Question: What is insulin resistance?
Answer: Insulin resistance appears to affect a small percentage of Americans and is most common among overweight individuals. It is related to a form of diabetes called Type II diabetes. In an insulin-resistant person, the pancreas produces too much insulin after he or she eats sugars or starches. Additionally, cells in insulin-resistant Individuals' bodies may not respond to insulin, causing their blood sugar to stay abnormally high after a meal or snack.
Question: Can a high-carbohydrate diet cause insulin resistance?
Answer: No, the reality is that being overweight causes insulin resistance. A high-carbohydrate diet does not make an insulin-resistant person overweight, nor does it cause insulin resistance. Adopting a high-carbohydrate diet actually enhances insulin function for most people by lowering insulin levels. Carbohydrates are converted to glucose in the body and insulin helps cells utilize glucose for energy. While it is true that insulin is a key hormone in the maintenance of blood sugar, eating more carbohydrates does not mean insulin will increase. Even if you do have an elevated insulin level, it is still wiser to cut back on consumption of saturated fats and increase your consumption of carbohydrates, preferably in the form of grains, fruits and vegetables.
Question: Will I gain weight if I eat a lot of foods high in complex carbohydrates?

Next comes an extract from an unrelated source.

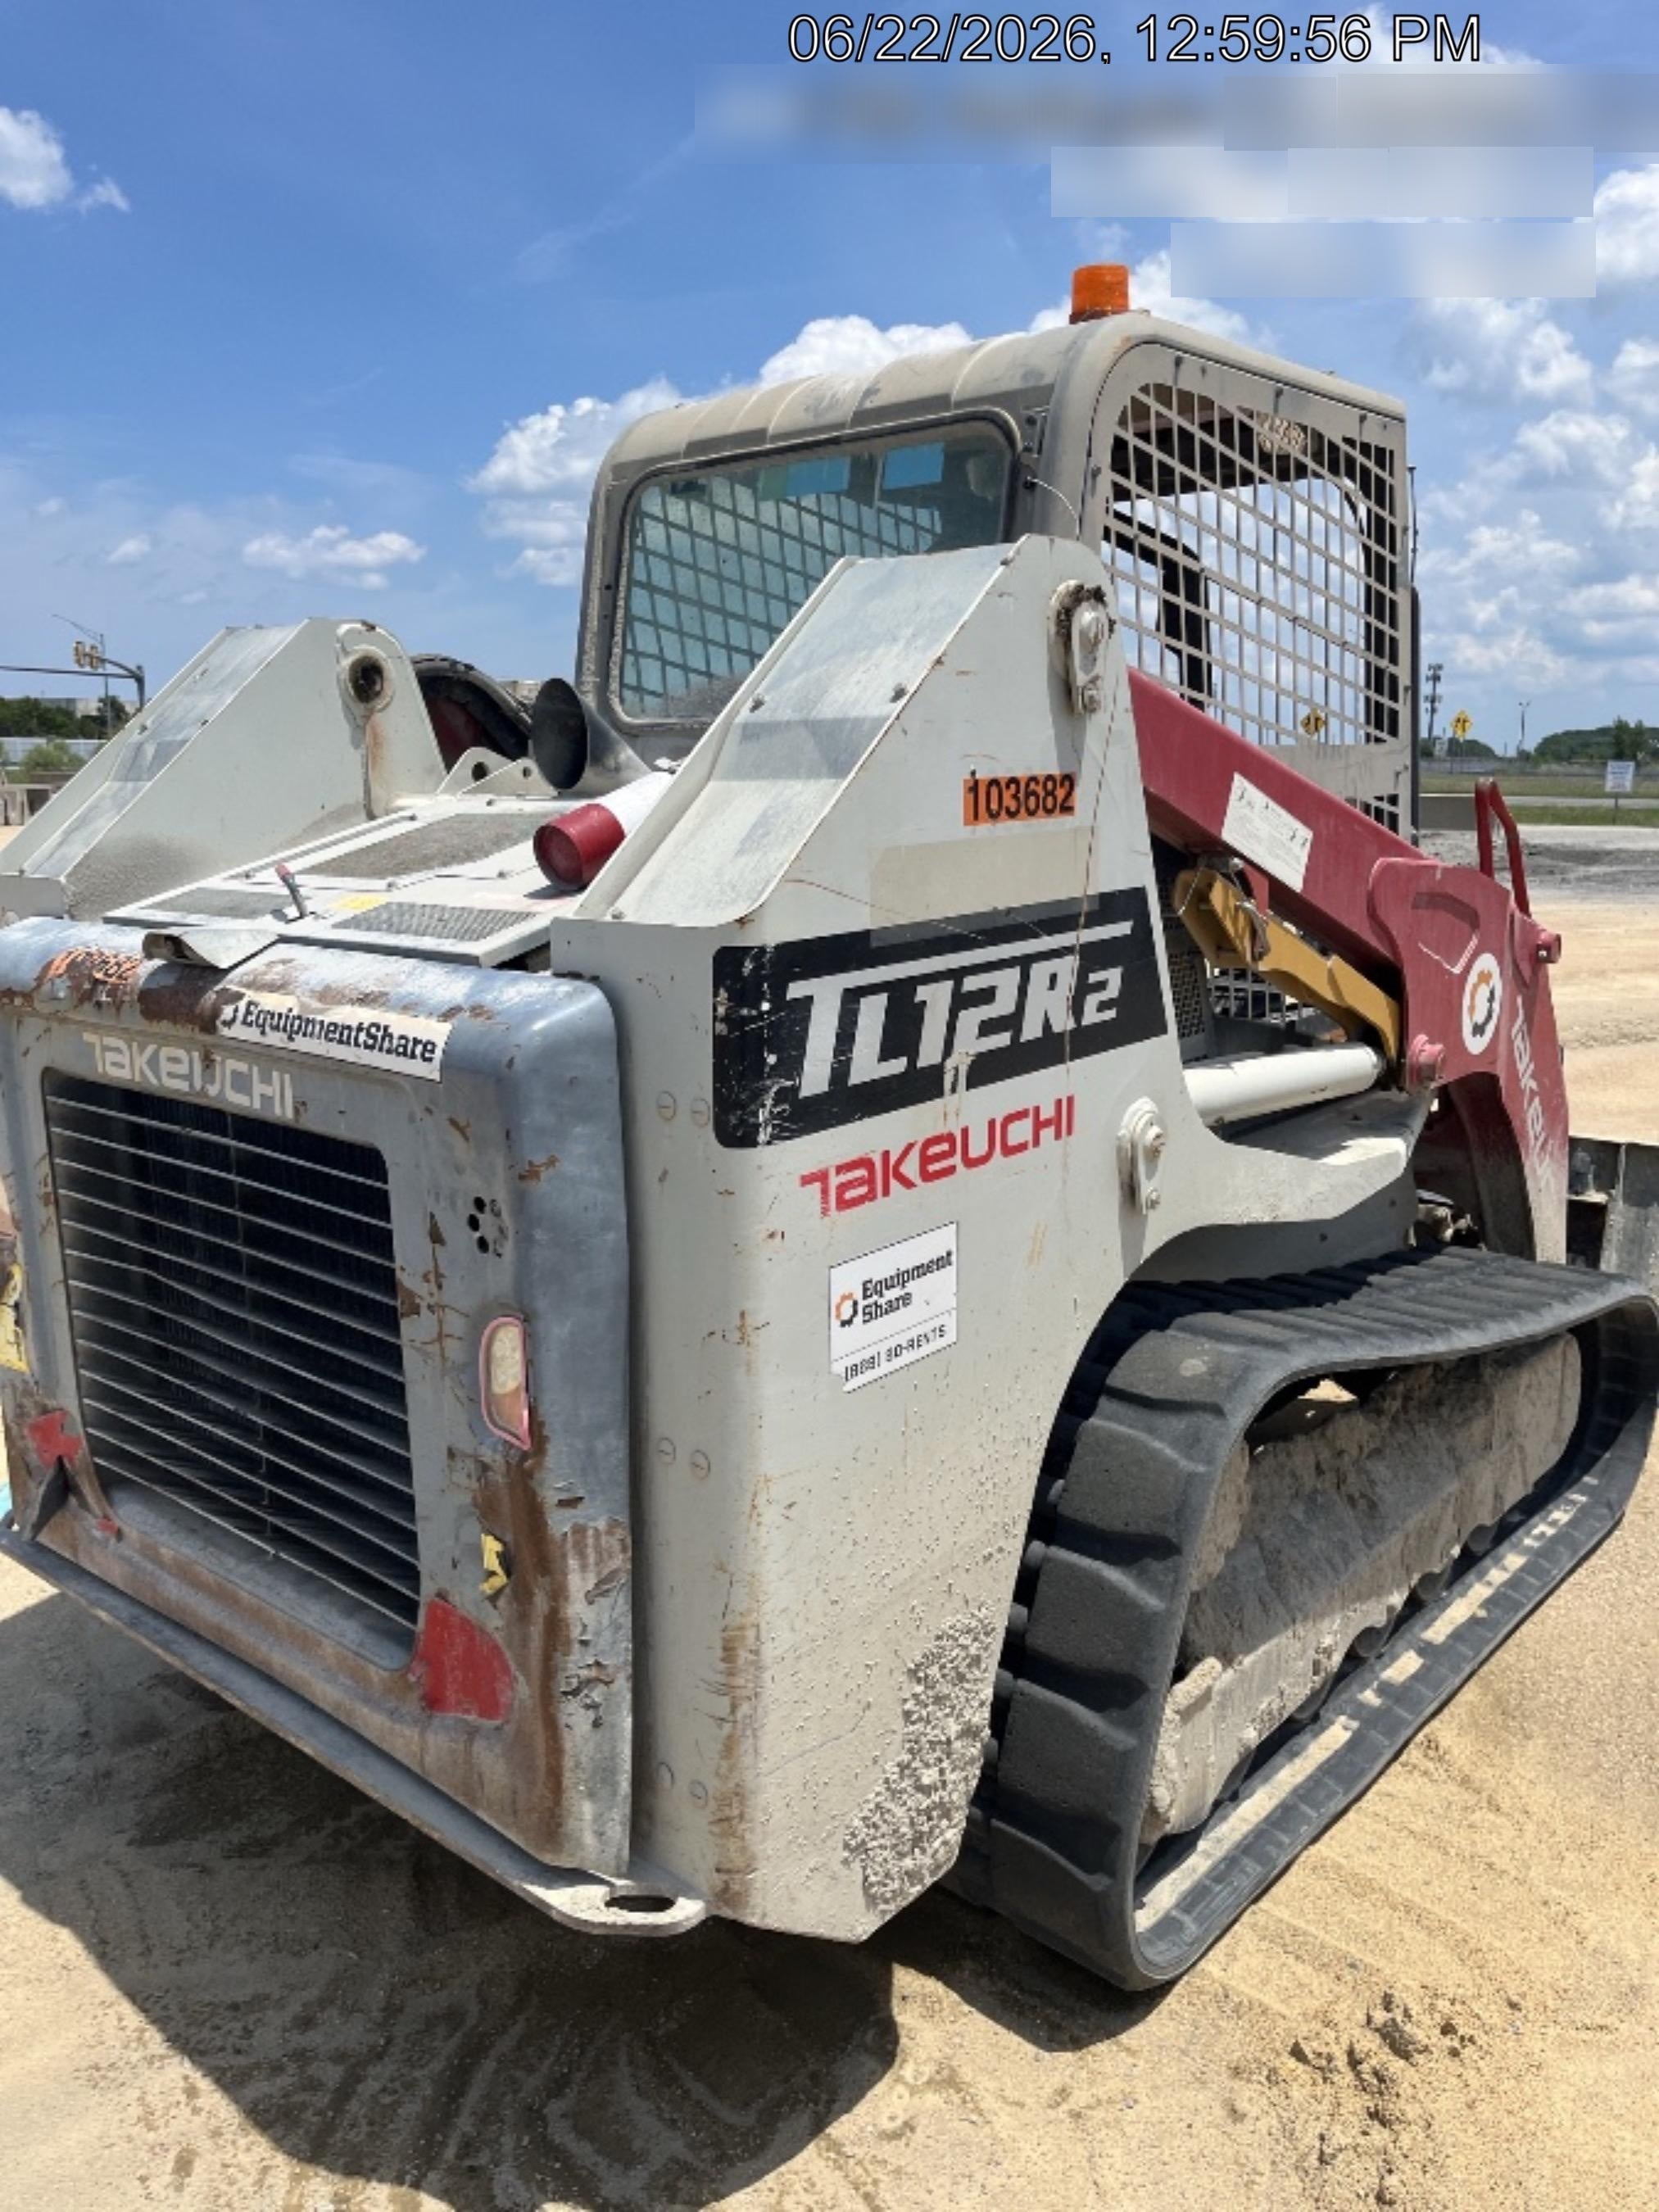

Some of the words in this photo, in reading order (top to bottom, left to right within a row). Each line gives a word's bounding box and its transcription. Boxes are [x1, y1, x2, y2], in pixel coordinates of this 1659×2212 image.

Answer: Weight gain cannot be blamed on any single food or food group. Eating too much of any food can make you gain weight. Complex carbohydrates are not fattening. It's what you add to them that is, such as butter, margarine, sour cream, mayonnaise, gravies and cream sauces. Remember that a gram of fat has nine calories which is more than twice the calories of a gram of carbohydrates.

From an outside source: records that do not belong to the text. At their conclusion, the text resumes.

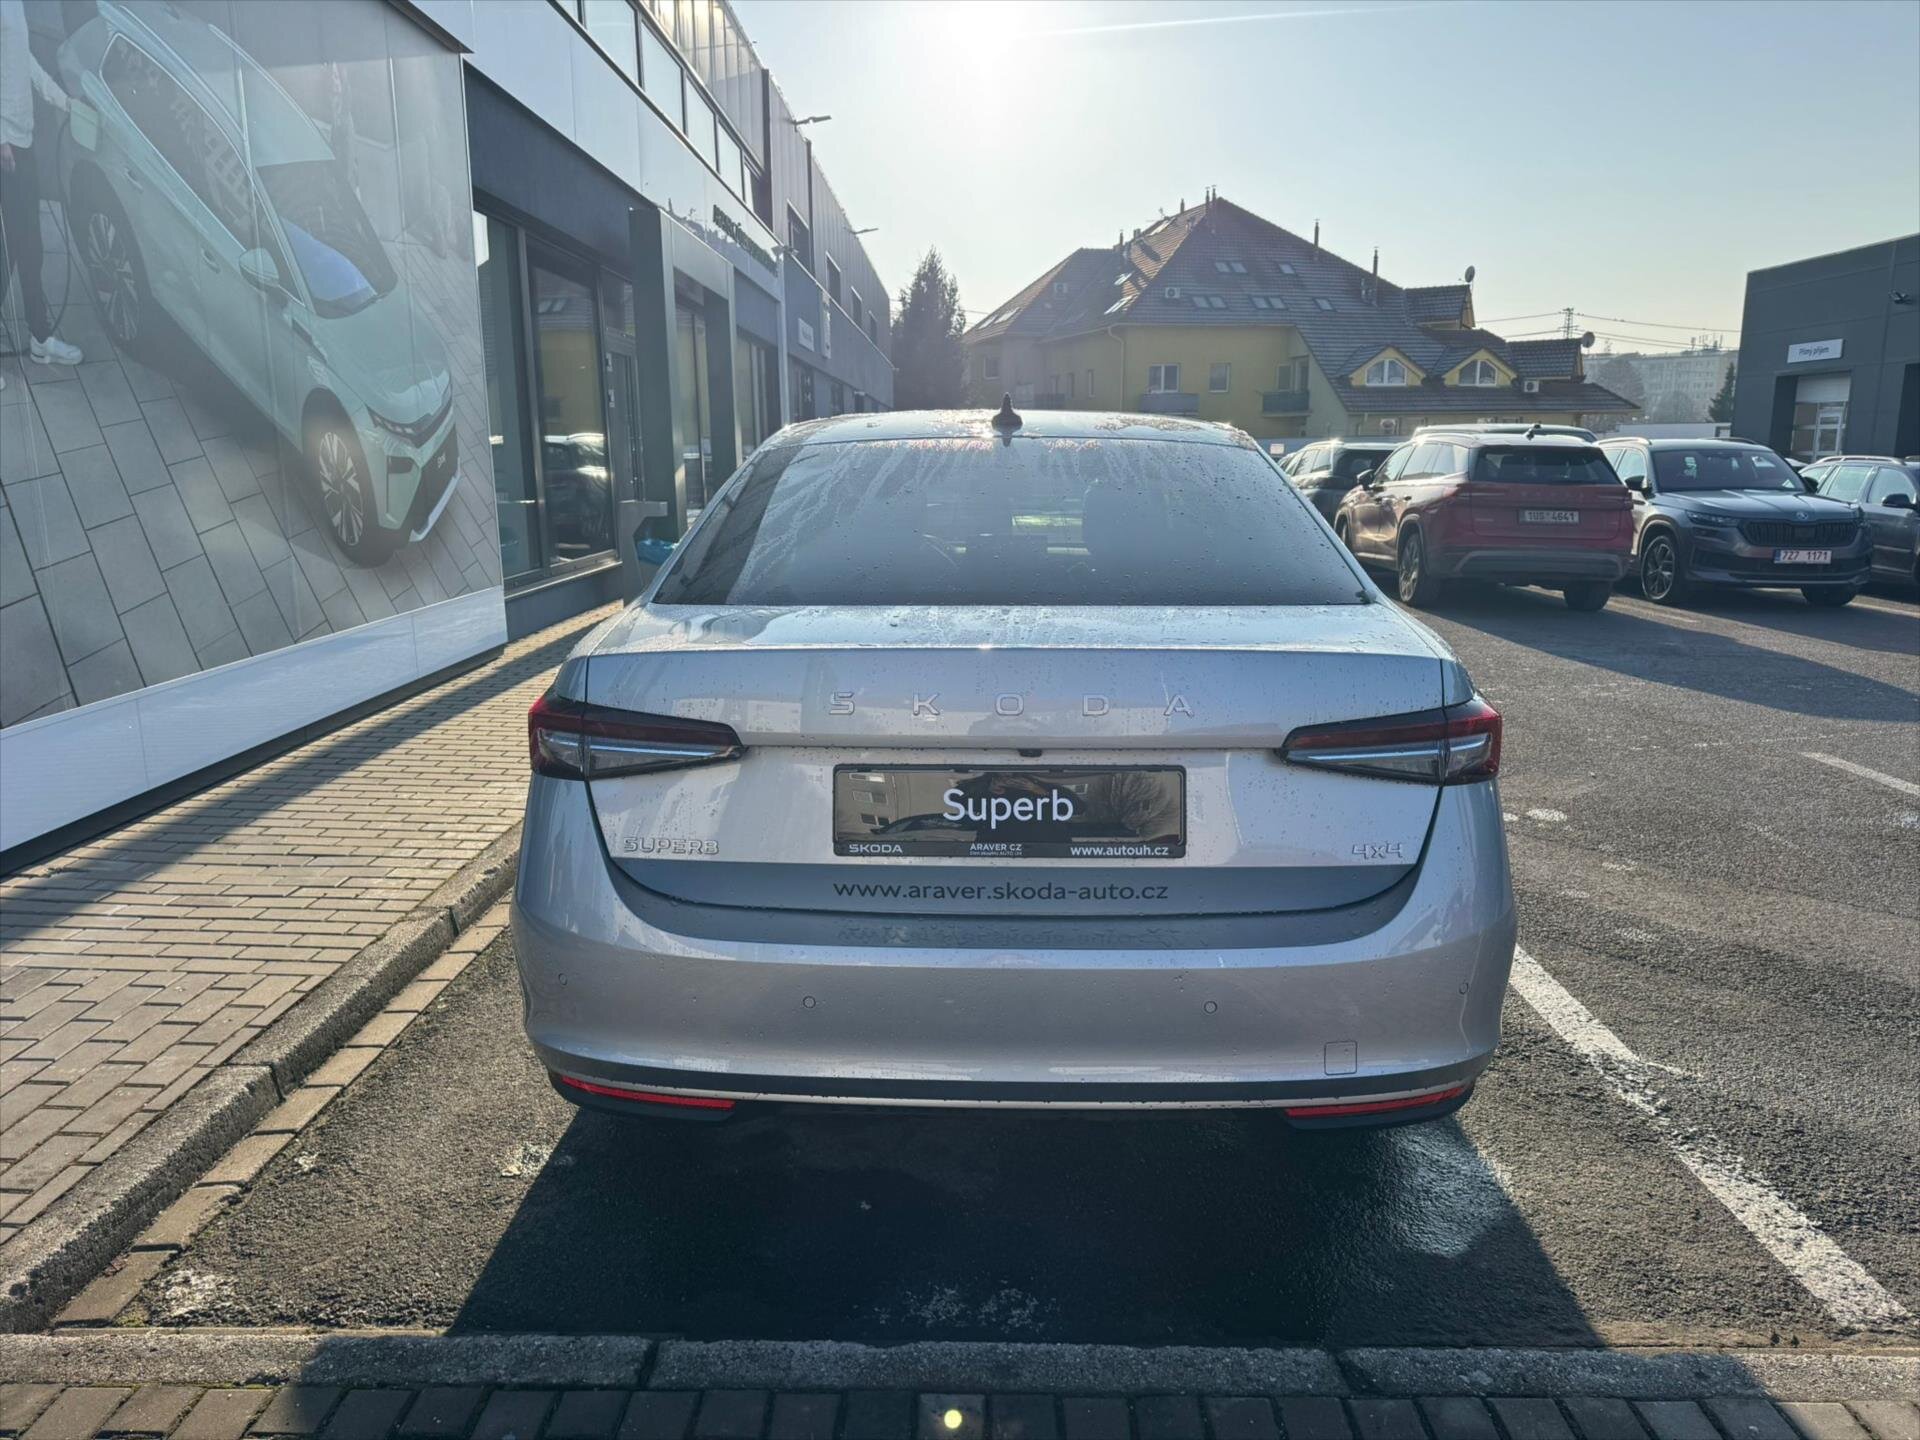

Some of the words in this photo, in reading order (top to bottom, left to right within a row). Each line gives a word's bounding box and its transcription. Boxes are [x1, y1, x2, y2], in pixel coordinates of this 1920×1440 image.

[1807, 551, 1828, 561] 1171
[943, 788, 1074, 829] Superb
[623, 837, 720, 856] SUPERB
[969, 842, 1007, 852] ARAVER
[1009, 843, 1023, 852] CZ
[1070, 844, 1169, 856] www.autouh.cz
[1352, 842, 1403, 860] 4x4
[833, 882, 1169, 901] www.araver.skoda-auto.cz

The reality is that all calories count. Even if you eat large amounts of fat-free foods, you may find yourself gaining weight. No matter how boring it may sound, the key is to eat all foods in moderate portions, and in the context of an overall healthy diet coupled with regular exercise.

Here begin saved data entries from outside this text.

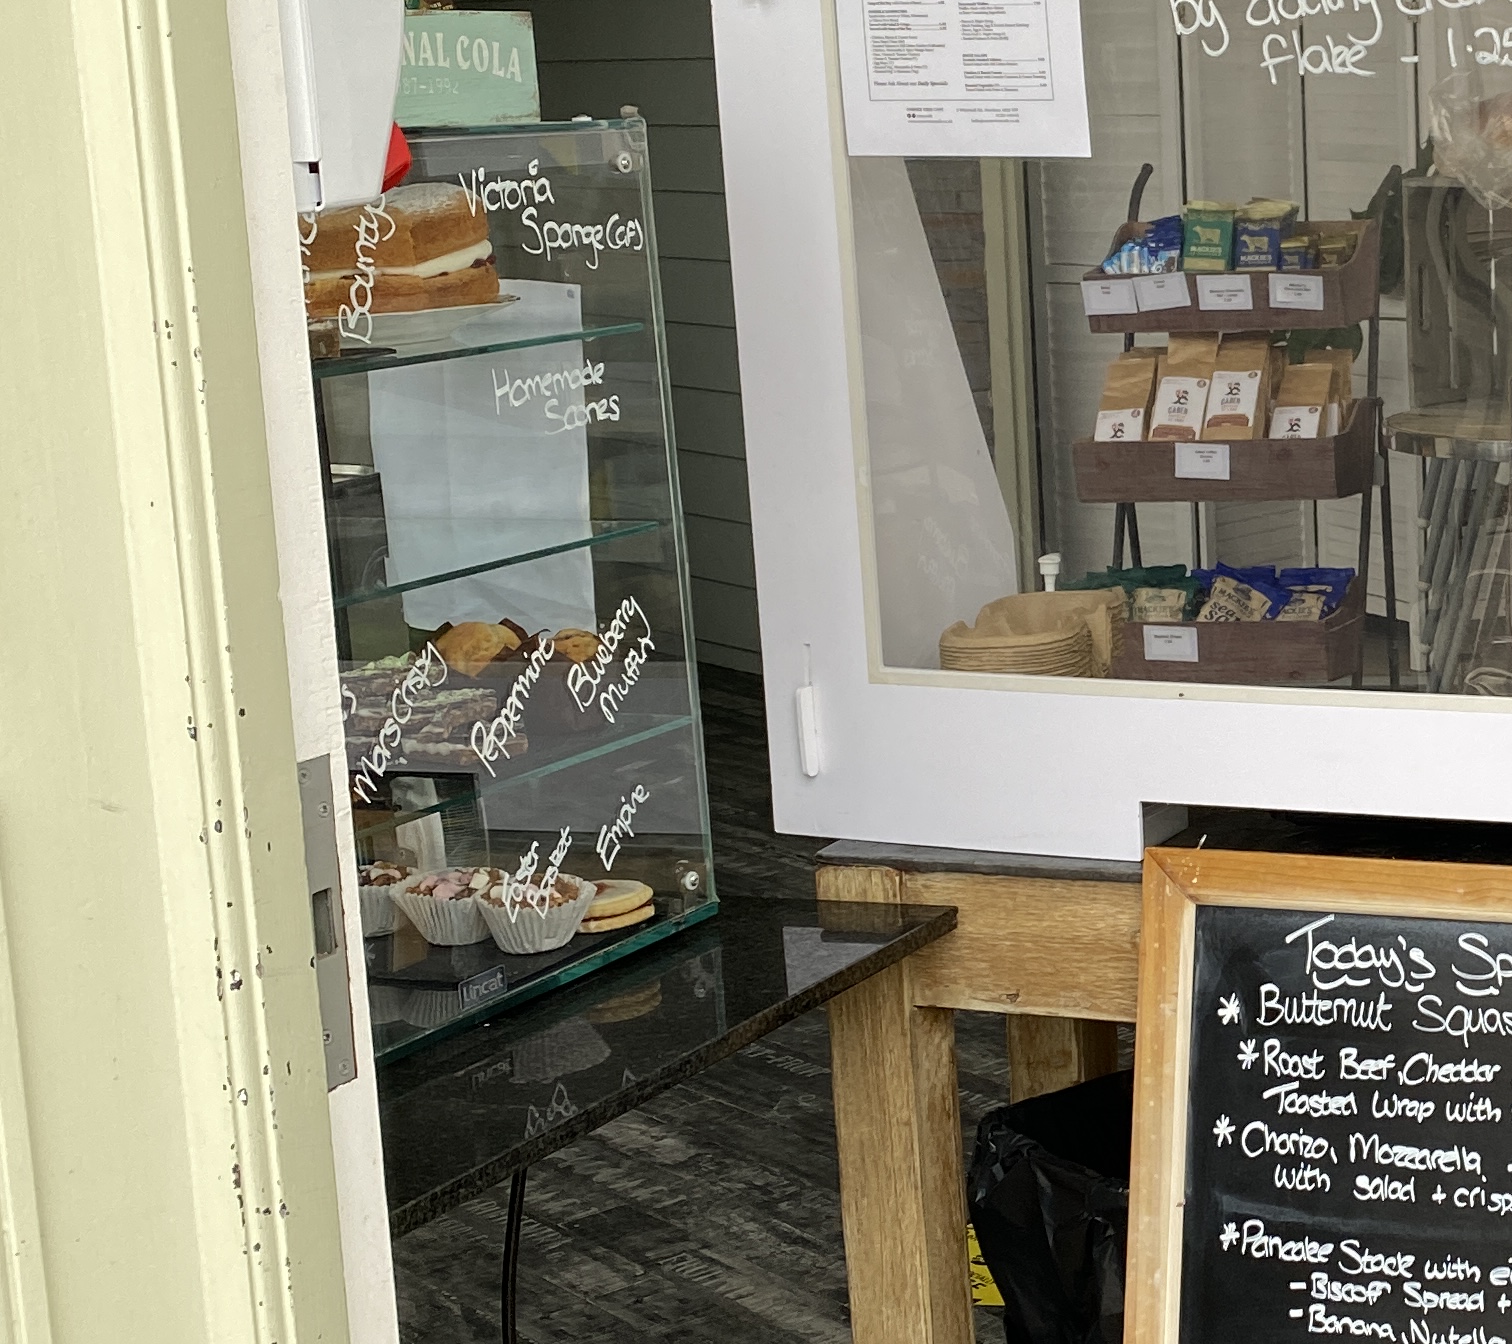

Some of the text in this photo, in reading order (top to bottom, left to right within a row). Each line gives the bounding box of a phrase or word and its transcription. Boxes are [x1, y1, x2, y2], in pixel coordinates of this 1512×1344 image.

[456, 35, 522, 83] COLA
[1261, 33, 1377, 85] flake
[458, 158, 554, 217] Victoria
[491, 360, 605, 415] Homemade
[544, 394, 619, 436] Scones
[567, 596, 650, 712] Blueberry
[600, 637, 655, 723] Muffin
[471, 638, 554, 777] Peppermint
[354, 718, 401, 803] Mars
[596, 784, 649, 871] Empire
[1285, 914, 1436, 987] Today's
[463, 967, 506, 1003] Lincat
[1256, 984, 1392, 1031] Butternut
[1264, 1038, 1326, 1080] Roast
[1403, 1053, 1501, 1086] Cheddar
[1263, 1081, 1357, 1115] Toasted
[1372, 1090, 1435, 1123] Wrap
[1446, 1092, 1502, 1123] with
[1350, 1133, 1482, 1173] Mozzarella
[1274, 1162, 1331, 1192] with
[1353, 1174, 1416, 1203] salad
[1241, 1218, 1334, 1263] Pancake
[1338, 1239, 1415, 1278] Stack
[1424, 1255, 1481, 1283] with
[1403, 1281, 1484, 1315] Spread

Question: What is the Mediterranean diet?
Answer: The Mediterranean diet, which is high in complex carbohydrates, is one of the healthiest diets in the world. It is low in fat, includes plenty of fruits and vegetables, pasta, legumes (dried peas and beans), and whole grain breads, plus small amounts of dairy products and meat, poultry and fish. Mediterranean countries like Italy have lower rates of obesity and heart disease than the U.S. does, although a definitive link between this diet and one's health has not been (scientifically) established.
Question: How can I tell if I'm eating right?
Answer: The best guide to healthful eating is the Food Guide Pyramid, a moderate and balanced diet that includes neither too much nor too little of any one food group. The Pyramid shows you how many daily servings you should eat from each of the five food groups: the grain group which includes pasta, bread, cereal and rice; the fruit group; the vegetable group; the dairy group; and the meat and protein group, encompassing beef, poultry, fish, eggs, nuts and legumes. For example, you should eat six to 11 daily servings from the grain group. Since a typical serving of grains is one-half cup of cooked pasta or cereal, or one slice of bread, most of us eat more than one serving at any given meal -- for instance, a one-cup portion of pasta equals two servings from the grain group.
Food Guide Pyramid
The National Pasta Association supports the dietary recommendations of the U.S. Department of Agriculture’s Food Guide Pyramid, which recommends eating six to 11 servings per day from the grain group. Diets built on a base of pasta, bread, cereal, and other grain-based foods tend to be low fat. A low fat diet, along with regular exercise, helps to achieve an overall healthy lifestyle.